▶ Problem details
Your task is to return all the entries below exactly, with every picture omitted.

[Images for object localization]
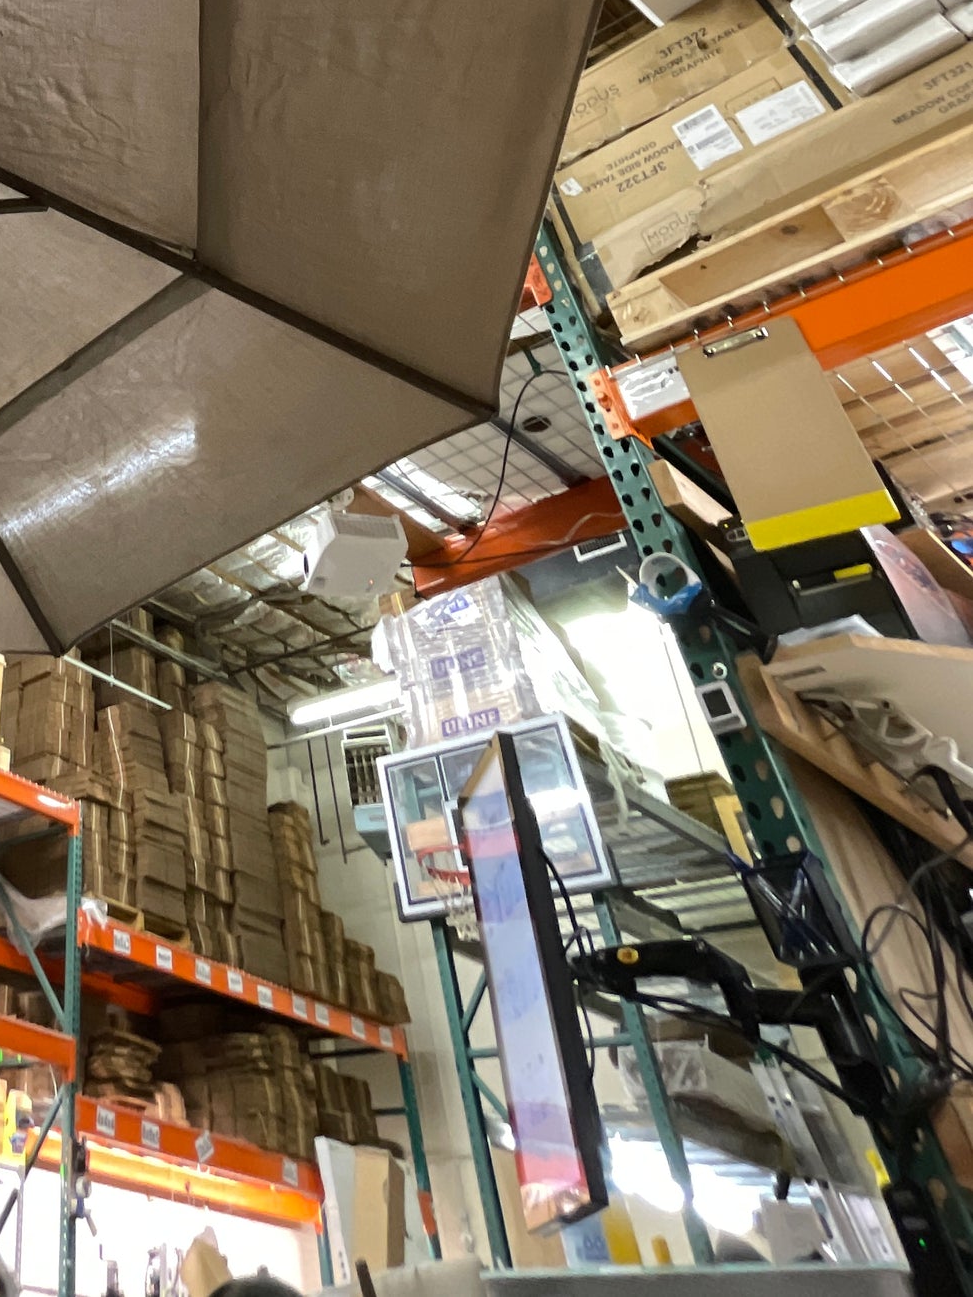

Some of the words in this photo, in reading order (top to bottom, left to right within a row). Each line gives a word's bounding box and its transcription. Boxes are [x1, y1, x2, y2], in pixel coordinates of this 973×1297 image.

[671, 47, 723, 78] GRAPHITE
[892, 95, 946, 125] MEADOW
[606, 141, 657, 171] GRAPHITE
[643, 139, 683, 165] EADOW
[616, 161, 667, 193] 3FT322
[619, 161, 642, 177] SIDE
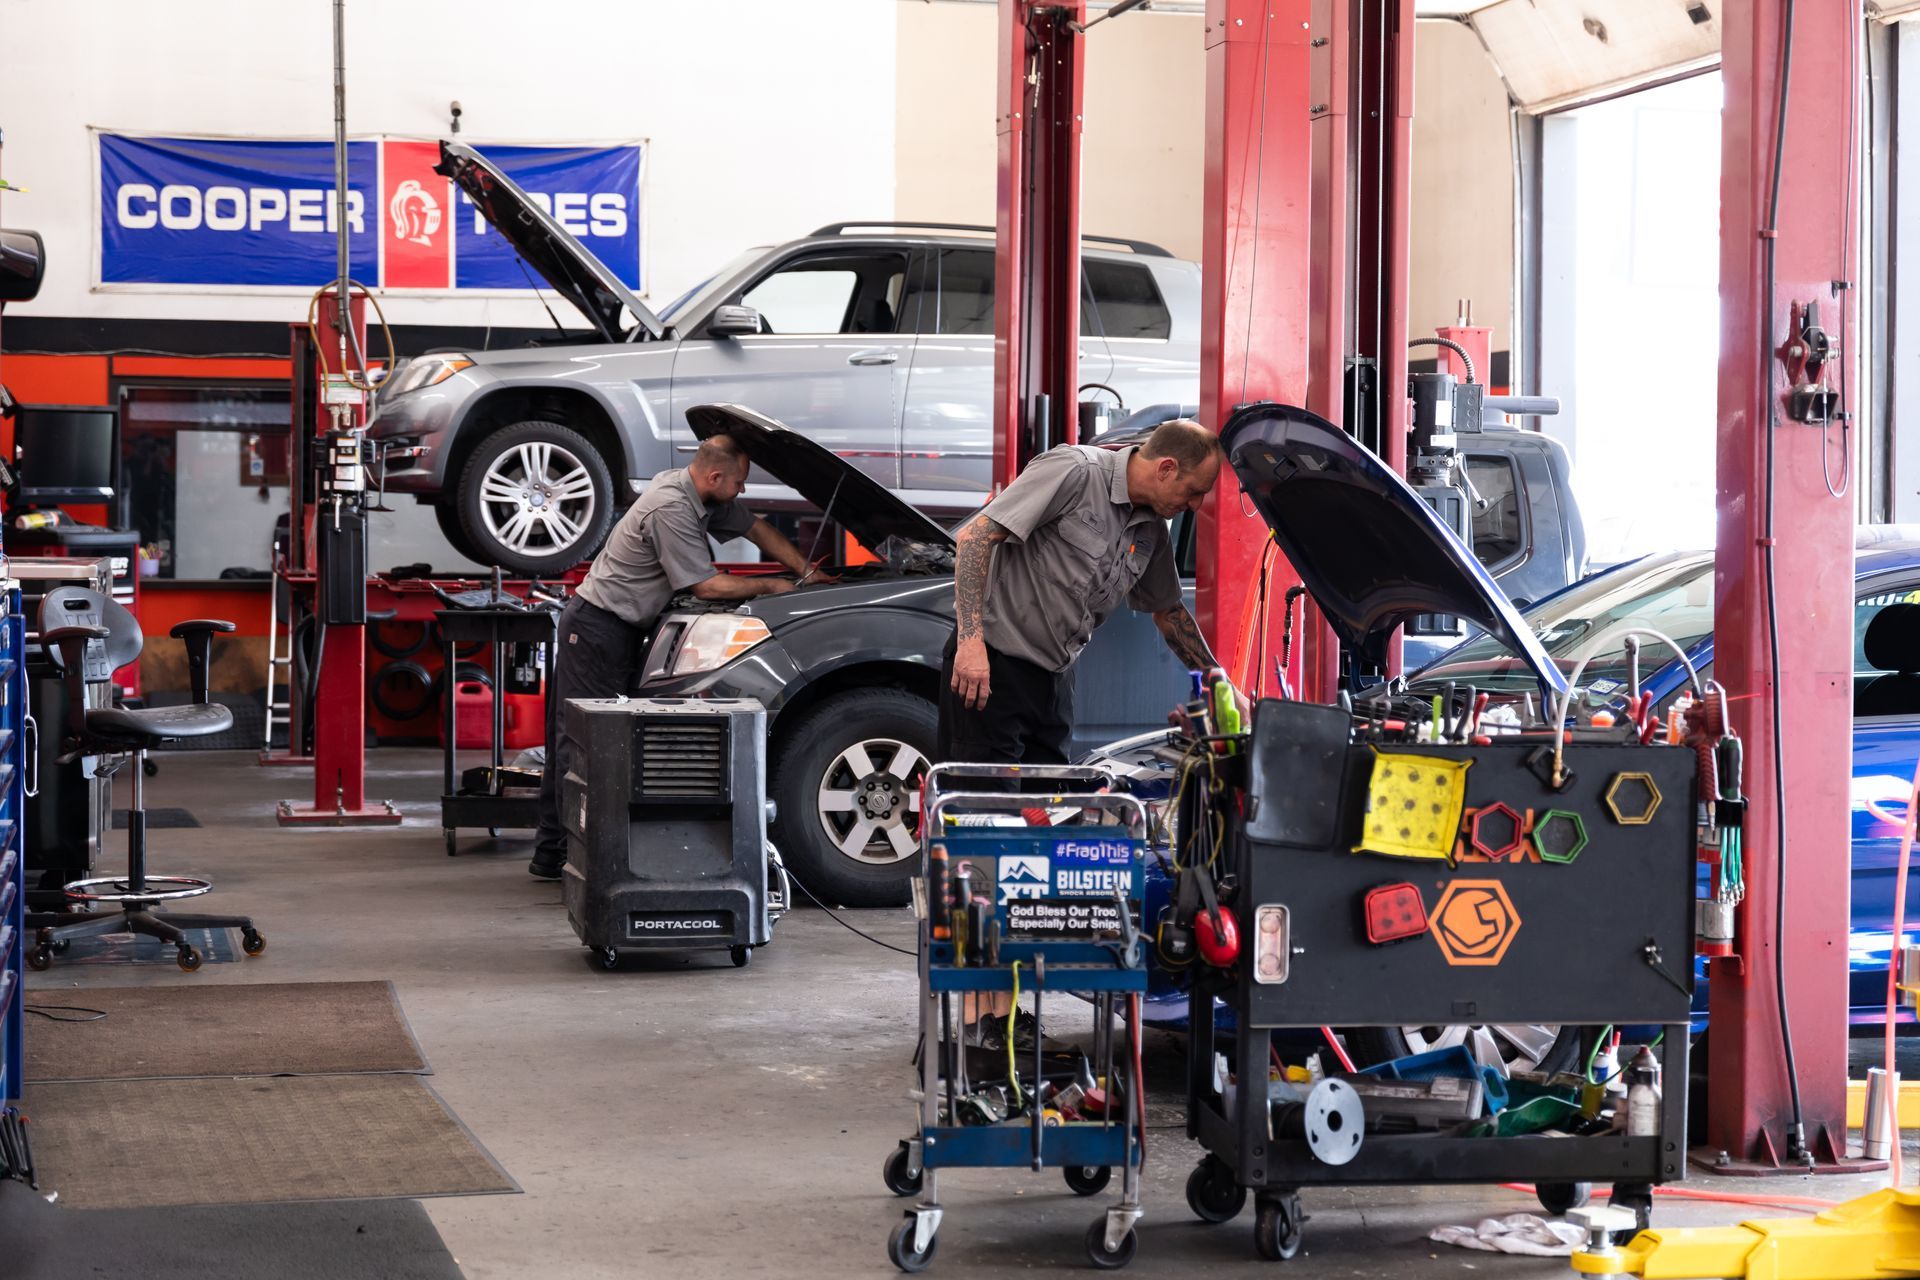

▶ Answer section
Some of the words in this photo, in reading order (top to bottom, left to right within a row). Each line gives a word's bounding box and its transcription. Boxes are [x1, y1, x2, y2], in pixel coordinates of this 973×1297 image.

[671, 47, 723, 78] GRAPHITE
[892, 95, 946, 125] MEADOW
[606, 141, 657, 171] GRAPHITE
[643, 139, 683, 165] EADOW
[616, 161, 667, 193] 3FT322
[619, 161, 642, 177] SIDE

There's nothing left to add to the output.